The Dominican Republic Olympic Committee selected Castillo as the Dominican Republic Flag bearer for the 2010 Central American and Caribbean Games held at Mayagüez, Puerto Rico, from July 17, 2010, to August 1, 2010. In the volleyball tournament of the Regional Games, she won with her team the gold medal. She later played in Chiapas, Mexico winning the Best Libero and Best Receiver awards, along with the gold medal with her National Senior Team at the 2010 Final Four Cup. Castillo later participated in her first Senior World Championship in Japan, finishing second in digs and Best Libero categories, and being 17th with her national team.

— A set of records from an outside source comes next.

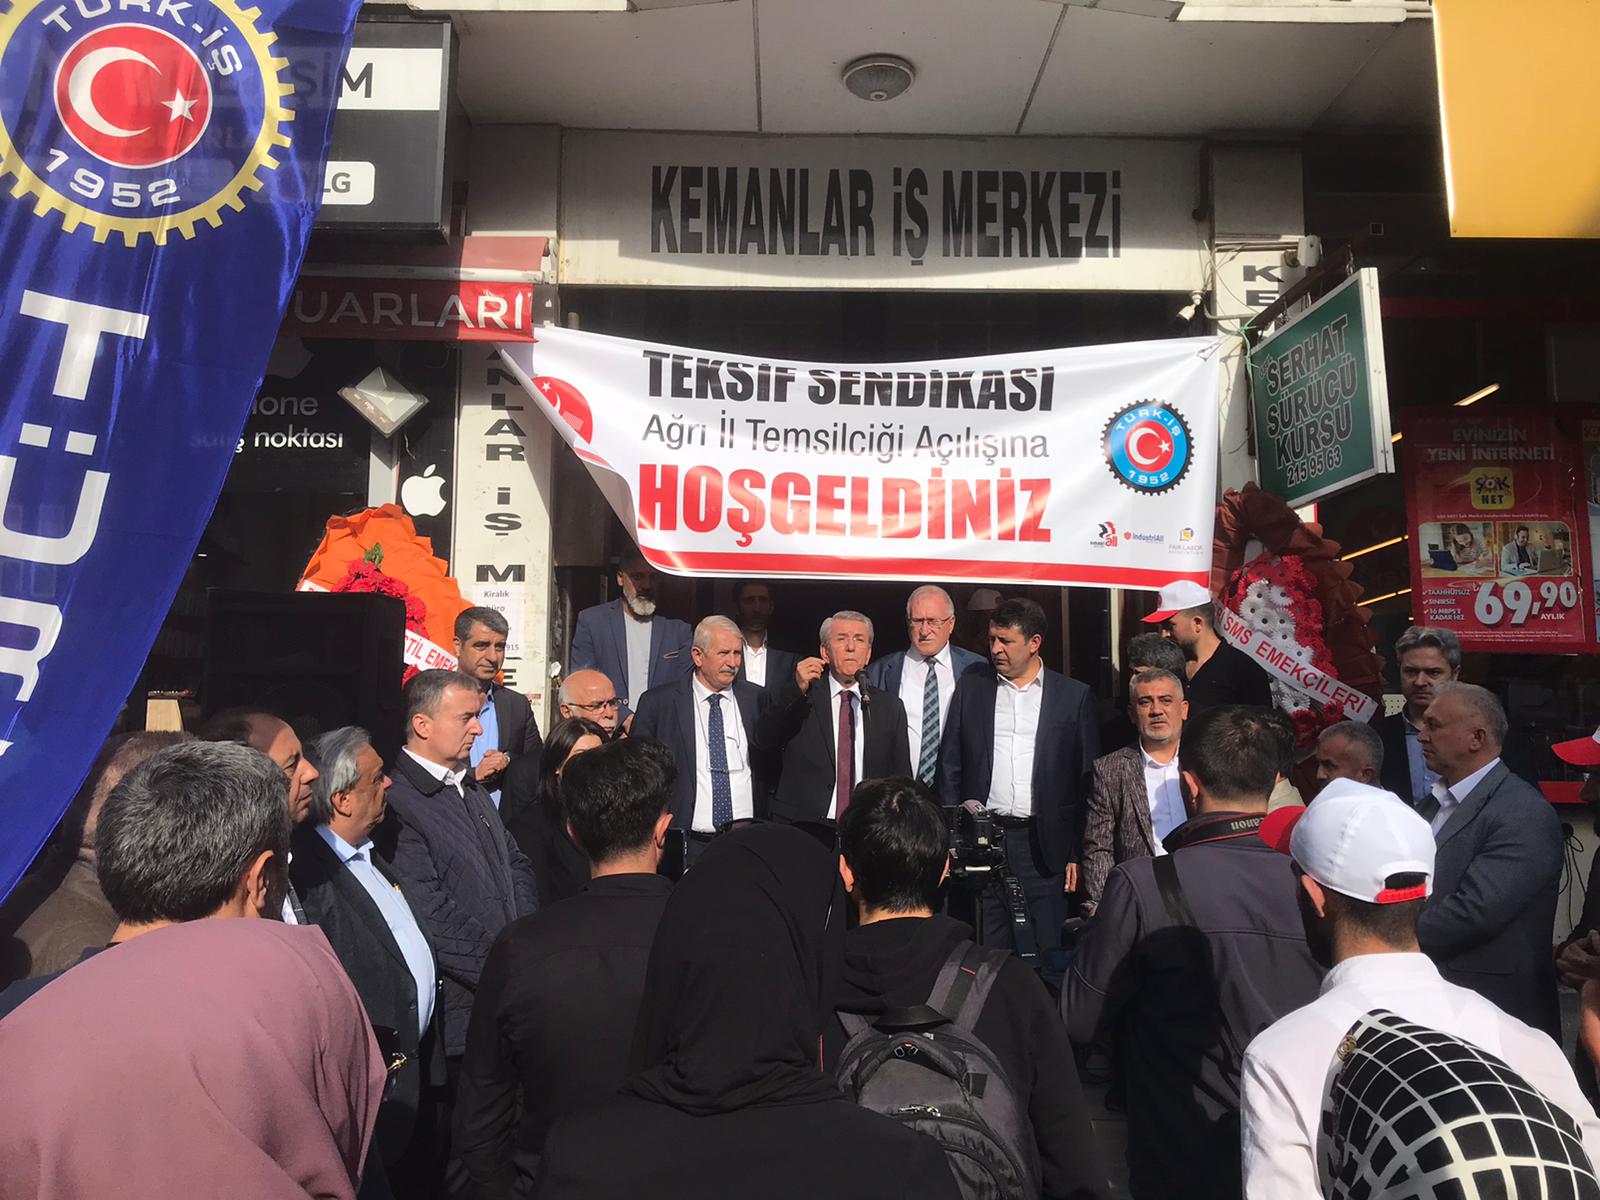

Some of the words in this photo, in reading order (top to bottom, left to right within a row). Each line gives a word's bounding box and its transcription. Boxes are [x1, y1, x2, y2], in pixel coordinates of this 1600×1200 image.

[46, 148, 181, 208] 1952
[651, 166, 875, 257] KEMANLAR
[893, 167, 928, 265] İŞ
[942, 170, 1120, 258] MERKEZİ
[643, 350, 796, 402] TEKSİF
[808, 365, 1055, 411] SENDİKASI
[1267, 313, 1348, 397] SERHAT
[1266, 353, 1358, 438] SÜRÜCÜ
[254, 423, 344, 448] noktası
[641, 413, 706, 450] Ağrı
[720, 410, 735, 448] İl
[746, 418, 903, 464] Temsilciği
[913, 425, 1050, 466] Açılışına
[1275, 401, 1352, 470] KURSU
[1427, 444, 1466, 461] YENİ
[1472, 443, 1555, 461] İNTERNETİ
[1128, 470, 1169, 485] 1952
[1287, 463, 1307, 488] 215
[1310, 455, 1324, 477] 95
[1326, 445, 1342, 469] 63
[638, 463, 1051, 547] HOŞGELDİNİZ
[1482, 495, 1504, 504] NET
[484, 590, 510, 598] Kiralık
[1474, 581, 1577, 625] 69,90
[1223, 616, 1253, 645] SMS
[1255, 640, 1368, 714] EMEKÇİLERİ
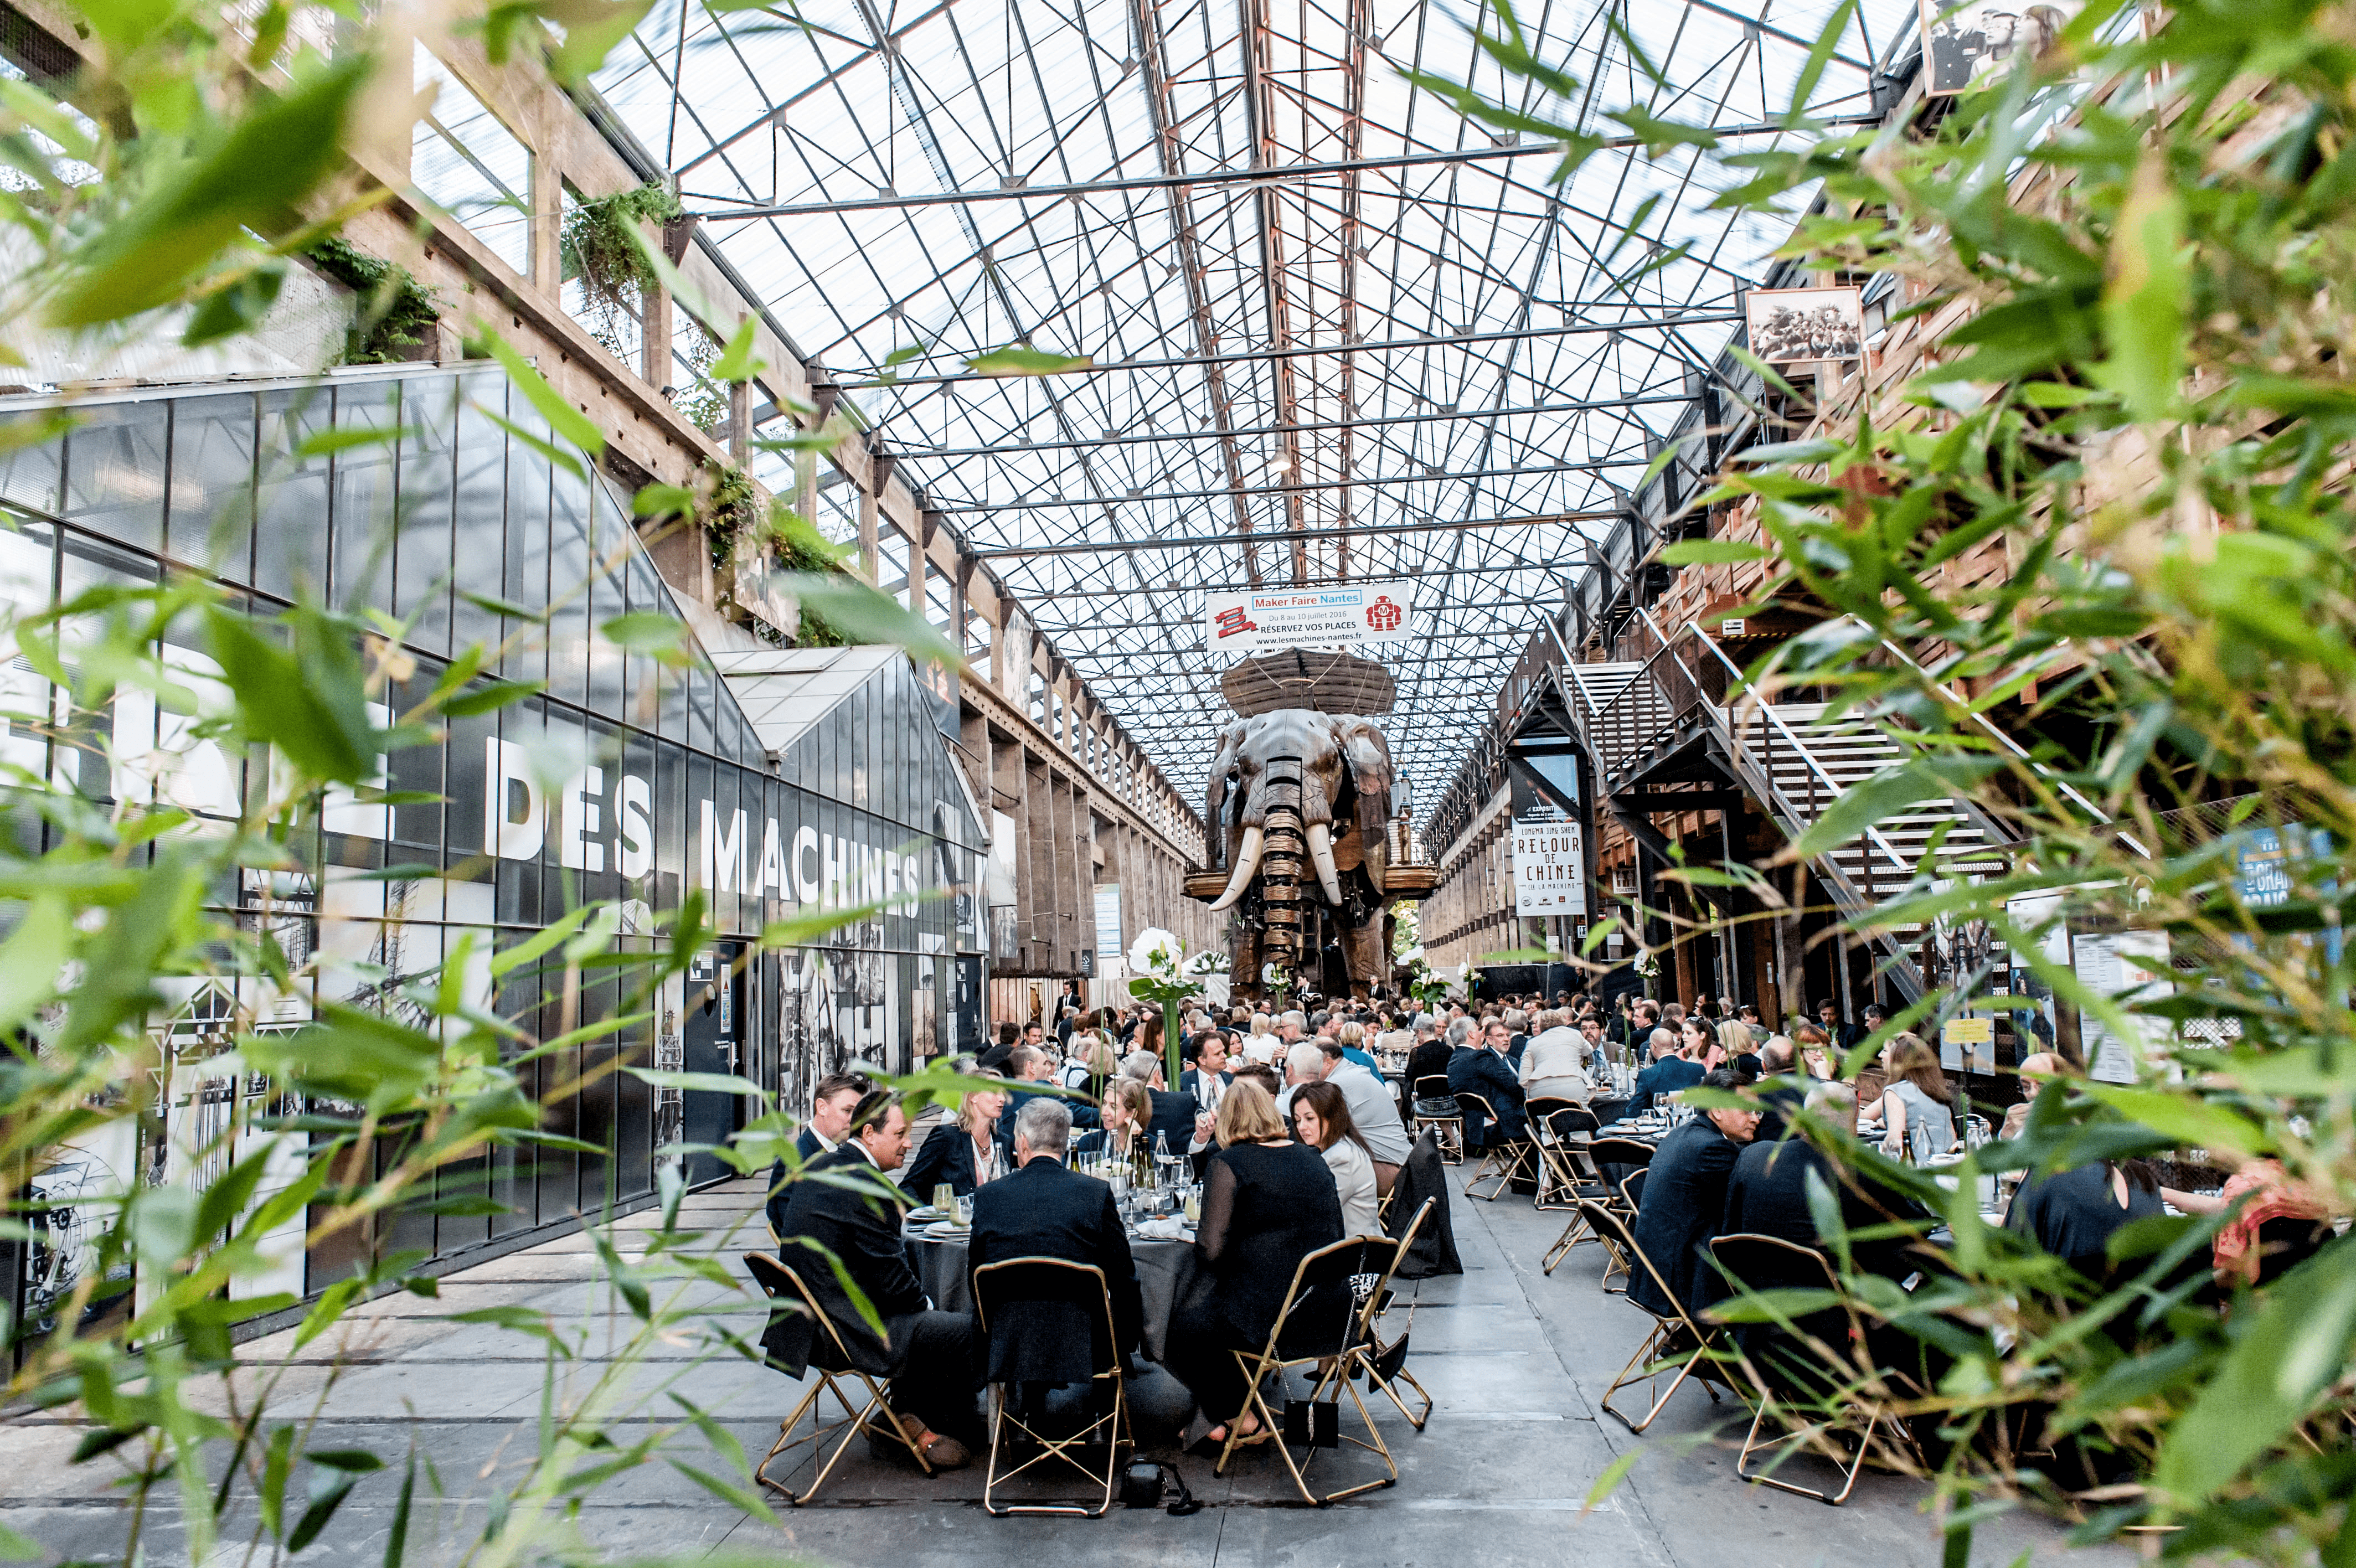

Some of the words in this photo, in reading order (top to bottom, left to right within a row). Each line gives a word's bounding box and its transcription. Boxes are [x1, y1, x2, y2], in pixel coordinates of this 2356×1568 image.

[1255, 599, 1288, 607] Maker
[1292, 596, 1317, 605] Faire
[1320, 594, 1358, 604] Nantes
[1261, 624, 1302, 633] RÉSERVEZ
[1325, 621, 1356, 630] PLACES
[1256, 632, 1362, 644] www.lesmachines-nantes.fr
[485, 736, 652, 879] DES
[701, 799, 919, 919] MACHINES
[1545, 853, 1556, 864] DE
[1527, 864, 1575, 880] CHINE
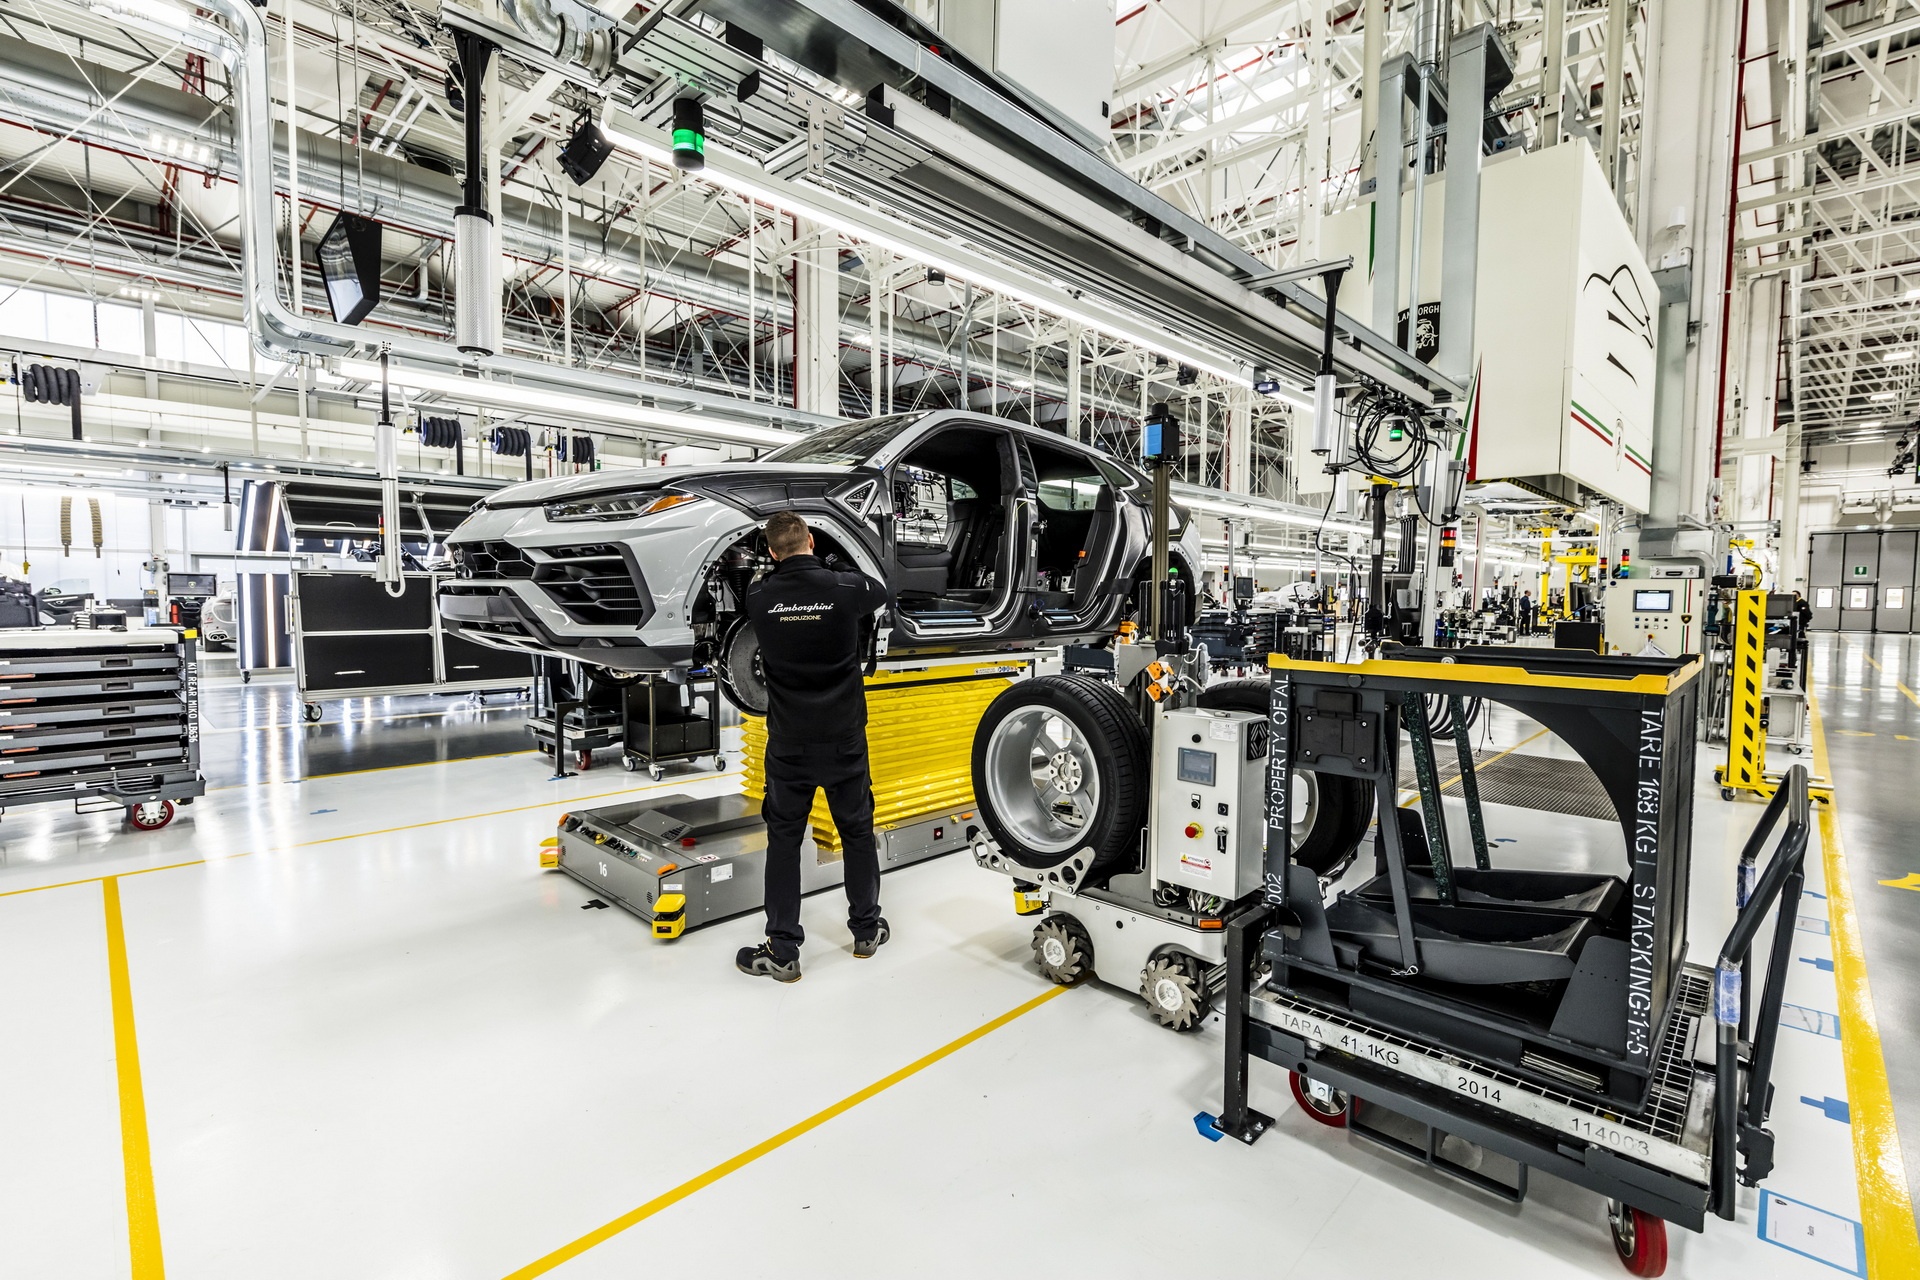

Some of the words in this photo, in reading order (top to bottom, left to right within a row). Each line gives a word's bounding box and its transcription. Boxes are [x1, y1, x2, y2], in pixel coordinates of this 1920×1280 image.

[1398, 305, 1440, 324] LAORGH
[768, 603, 834, 614] Lamborghini
[187, 662, 197, 674] KIT
[188, 677, 197, 697] REAR
[1274, 674, 1289, 697] AL
[188, 700, 198, 719] MIKO
[1272, 699, 1288, 725] OF
[188, 722, 198, 743] LB636
[1639, 707, 1664, 769] TARE
[1269, 731, 1286, 830] PROPERTY
[599, 862, 607, 877] 16
[1282, 1013, 1323, 1038] TARA
[1340, 1035, 1399, 1064] 41.1KG
[1457, 1077, 1501, 1102] 2014

At the end of the 2010 year, Brenda joined the Dominican Republic club Mirador that participated in the 2010 FIVB World Club Championship finishing in 4th place with this club and earning the Best Libero award.

===2011===
The Puerto Rican team Criollas de Caguas signed Brenda for the 2011 season, as her first international club experience, joining the Canadian Stacey Gordon and Dominicans Bethania de la Cruz and Annerys Vargas. She replaced the injured Yarimar Rosa. During the regular season, Brenda accumulated statistics that make her Best Libero and Best Digger, and crowned the season winning the Puerto Rico League Championship, sweeping the final series against the Mets de Guaynabo.

Castillo then played the 2011 Pan-American Cup being awarded with the Best Libero and Best Digger awards, also winning the silver medal with her national team. She then took part of the 2011 Junior World Championship held in Lima, Peru. She helped her Junior National team to reach the 5th place in the tournament. Brenda won the silver medal and the Best Libero, Best Digger and Best Receiver awards at the 2011 NORCECA Championship, held in Caguas, Puerto Rico. She was also awarded the Best Libero, Best Digger and Best Receiver awards at the 2011 Pan American Games where her team finished in fourth place.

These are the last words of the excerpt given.